Hermogenes Esperon advises Mindanao separatists to explore other ways to gain a Moro homeland. The fierce general-turned-peace negotiator offers alternatives in light of Malacañang’s scrapping of the initialed Memo on Ancestral Domain. Two bills in Congress — to expand the Muslim autonomous region and to shift to federal form — offer home rule, he says. With the executive lies a third option: to disarm and rejoin society.
Esperon missed a fourth way that does not require lobbying long months for bicameral passage or shame of surrender. All the Moro Islamic Liberation Front has to do is apply its desired territory for a Certificate of Ancestral Domain Title. Chances are Malacañang will concede, as it has parceled off millions of hectares to supposed “indigenous peoples”. As icing on the cake, the MILF under the 1997 Indigenous Peoples Rights Act (IPRA) legally will be freed from government agencies like the police or military or prosecutors. The law bars state offices from meddling in ancestral domains — which is what the separatists want anyway. In fact, mere application for ancestral title gives the applicant absolute control over the area.
What more can separatists ask?
The IPRA defines ancestral domains as all areas — soil, inland waters, coasts and natural resources — historically belonging to indigenous peoples. Soil includes ancestral lands, forests, pastures, hunting and burial grounds. Indigenous peoples refer to homogenous societies sharing common tongue, customs and history different from majority of Filipinos.
Ancestral domains are private but communal property. To formalize ownership, the ethnic group must apply with the National Commission on Indigenous People (NCIP) for Certificate of Ancestral Domain Title (CADT). As an executive agency, the NCIP began in 1997 under supervision of the Office of the President. After which, it was moved in 2004 to the Dept. of Agrarian Reform, then in May 2008 to the Dept. of Environment & Natural Resources, and less than three months later in Aug. 2008 back to the OP. As of Nov. 2006 the NCIP had issued 50 CADTS covering 986,797 hectares to 228,673 tribes folk, aside from 1,105,766 hectares to individuals. Another 101 applications are pending, covering 2,216,175 hectares.
An odd feature of the IPRA is that once an ancestral domain has been titled, certain government agencies lose legal jurisdiction over it. Listed are: Depts. of Justice, Interior & Local Governments, Environment & Natural Resources, Agrarian Reform, and National Development Company. The Implementing Rules and Regulations added more banned agencies: Depts. of National Defense, Education, Trade & Industry, Energy, Tourism, and Health. Since the DOJ, DILG and DND are forbidden from prying into ancestral affairs, so are their operating bureaus: the NBI, National Police, and Armed Forces. Upon application for title, the applicant already can veto state meddling.

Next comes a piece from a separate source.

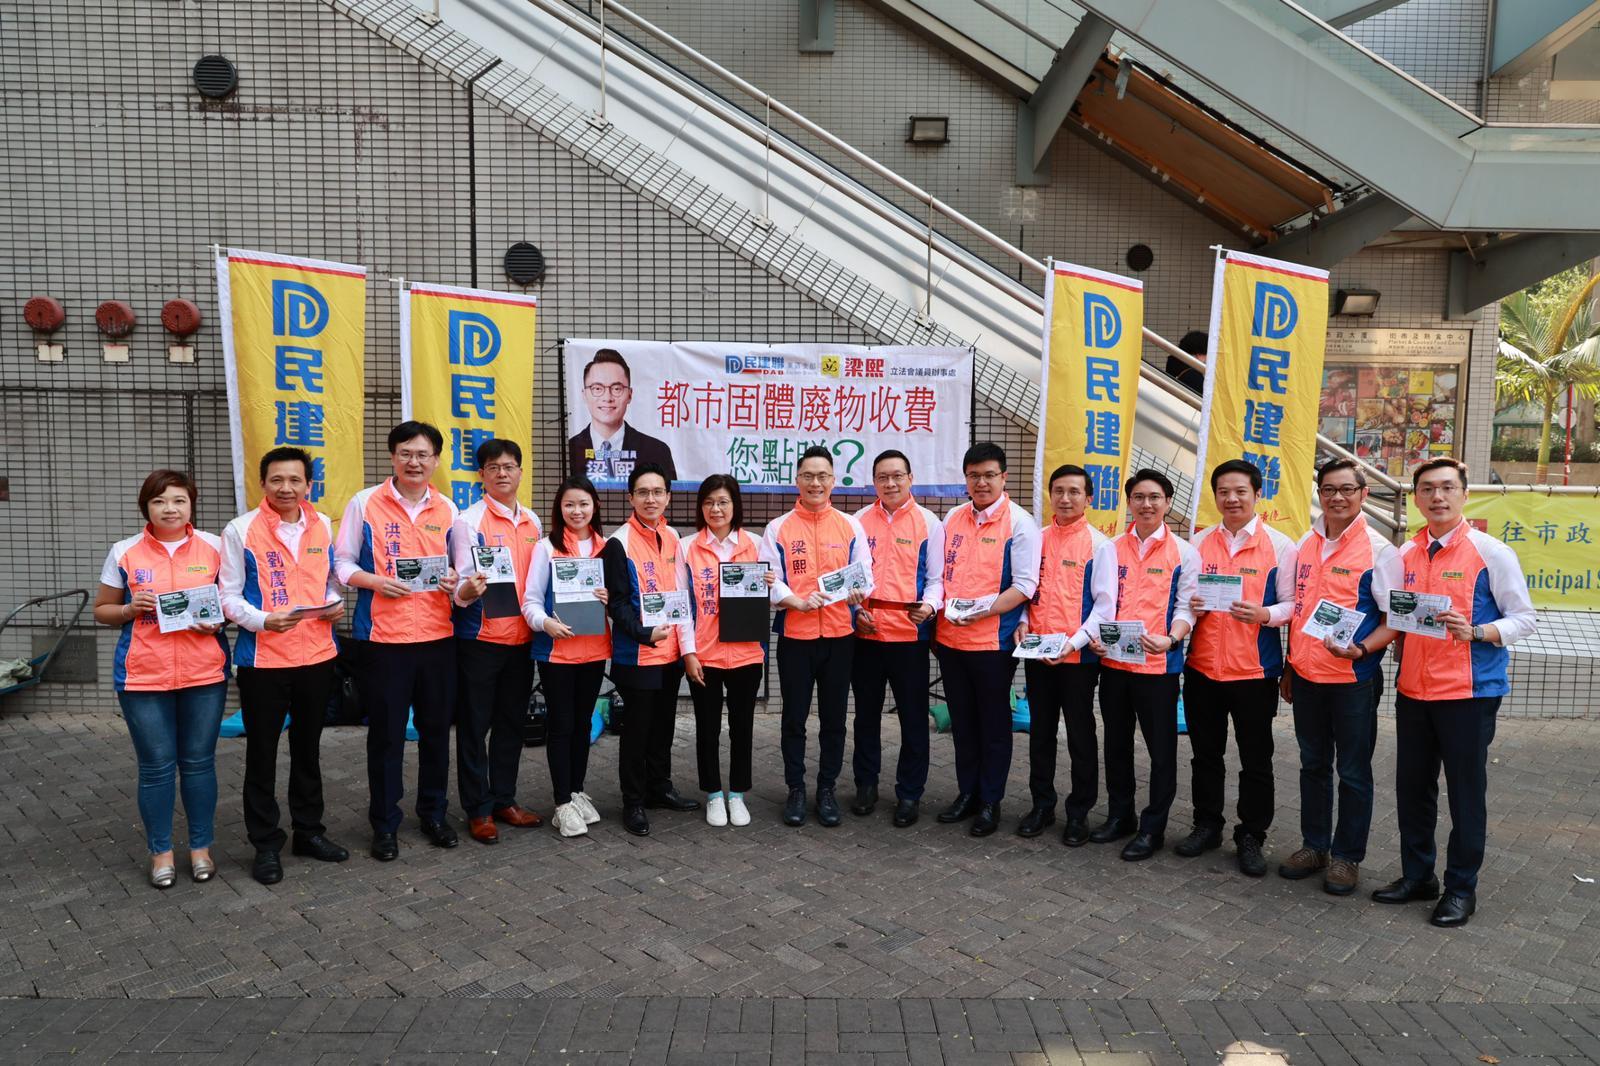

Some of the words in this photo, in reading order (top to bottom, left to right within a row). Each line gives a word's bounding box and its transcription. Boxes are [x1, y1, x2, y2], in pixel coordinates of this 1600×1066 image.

Enter the MILF. If the secessionists opt to exploit the legal process, including Manila’s hazy notion of ancestral domain, it can gain its Moro territory. No need to insist on the initialed but unsigned MOA-AD. That pact automatically would have annexed six towns of Lanao del Sur into the Muslim region, but requires plebiscites in 737 barangays in dozen others across Mindanao, Sulu and Palawan. The MILF can take a short cut thru Malacañang’s NCIP to a titled homeland.

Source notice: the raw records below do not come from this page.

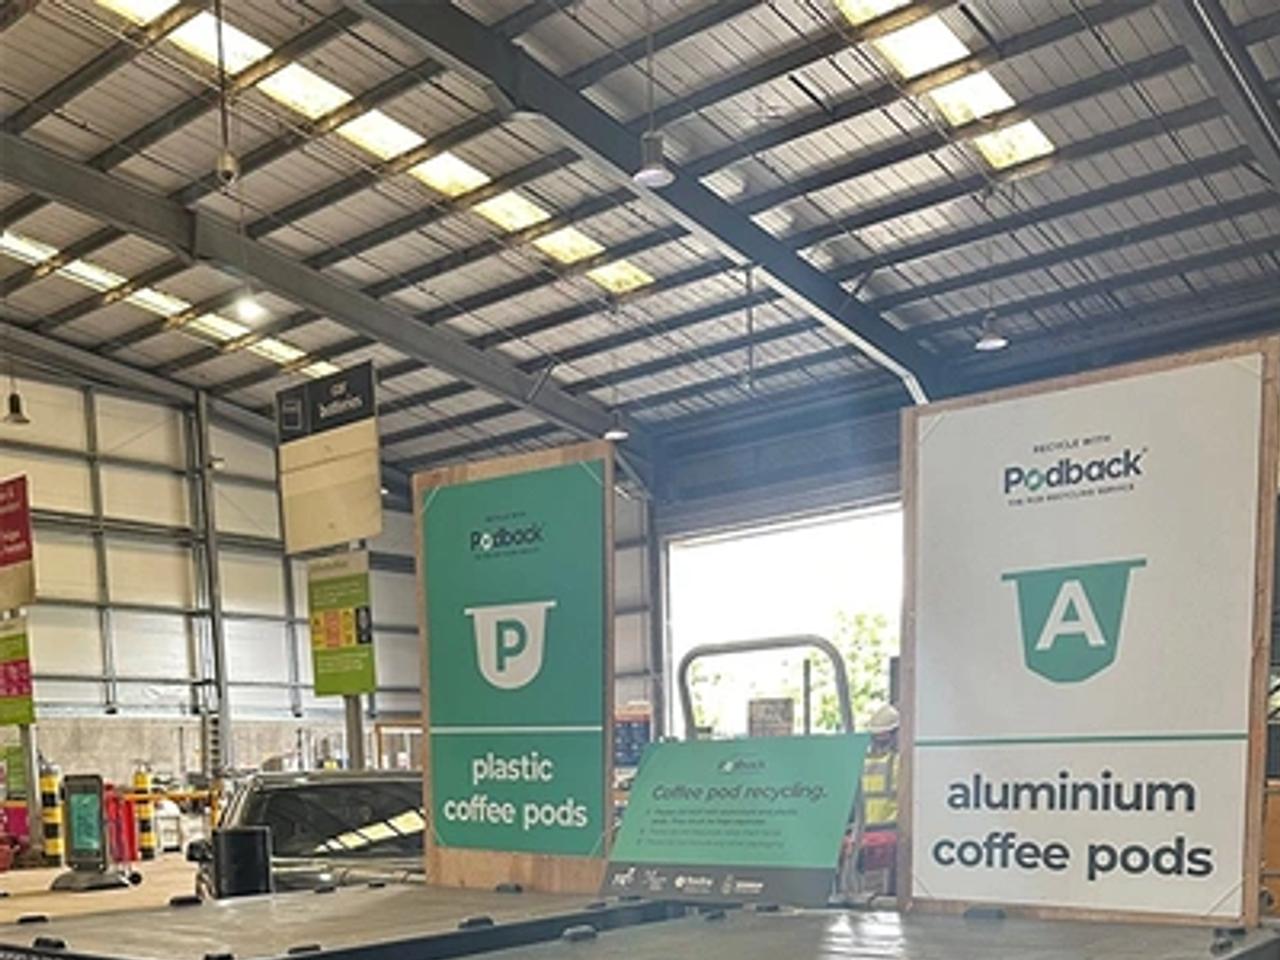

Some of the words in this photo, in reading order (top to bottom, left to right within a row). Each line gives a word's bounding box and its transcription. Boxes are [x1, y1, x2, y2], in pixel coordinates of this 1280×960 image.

[1004, 449, 1142, 494] Podback
[1034, 578, 1107, 651] A
[495, 618, 528, 672] P
[472, 751, 554, 785] plastic
[443, 795, 516, 825] coffee
[523, 798, 588, 830] pods
[946, 770, 1196, 812] aluminium
[932, 832, 1070, 870] coffee
[1086, 836, 1214, 881] pods

There’s a bonus to boot. The MILF can even gain title to erstwhile inalienable forests. A recent ruling of a Supreme Court division considers forestlands to now be parts of ancestral domains. The precedent arose from a case involving Mt. Diwalwal in Compostela, ironically where MILF rebels took two cops captive this week. The gold rush hilltop sits in center of a 166,000-hectare tree farm of Picop (Paper Industries Corporation of the Philippines), leased as forest reserve since 1963. Generals and politicos had taken immoderate interest in the gold mine in 2002, so began pressuring the publicly listed firm to give up its forest concession. Picop sued, winning in the lower and Appellate Court, but losing by technicality in the SC division. The latter opined that Picop failed to secure clearance from NCIP in seeking to extend its forest claim. Picop argued that there was no such requirement because NCIP does not keep records of forestlands. Besides, the SC en banc has ruled time and again that forestlands, unlike ancestral lands, can never become private.
The MOA-AD that Malacañang nearly signed with the MILF applied the division’s legal twist. The Moro ancestral domain would have included “old growth or natural forests and all watersheds (declared) as forest reserves.” With the MOA-AD in limbo, separatists can still use the IPRA and division ruling to wangle territory. Would-be ethnic groups can also lay claim to once inalienable forests, two-fifths of RP land or 12 million hectares.
There’s a caveat, though. Once the MILF and other bands each get hold of hundreds of thousands or even millions of hectares, they can build viable armies. From resulting civil strife, RP can qualify as the next failed state after Somalia.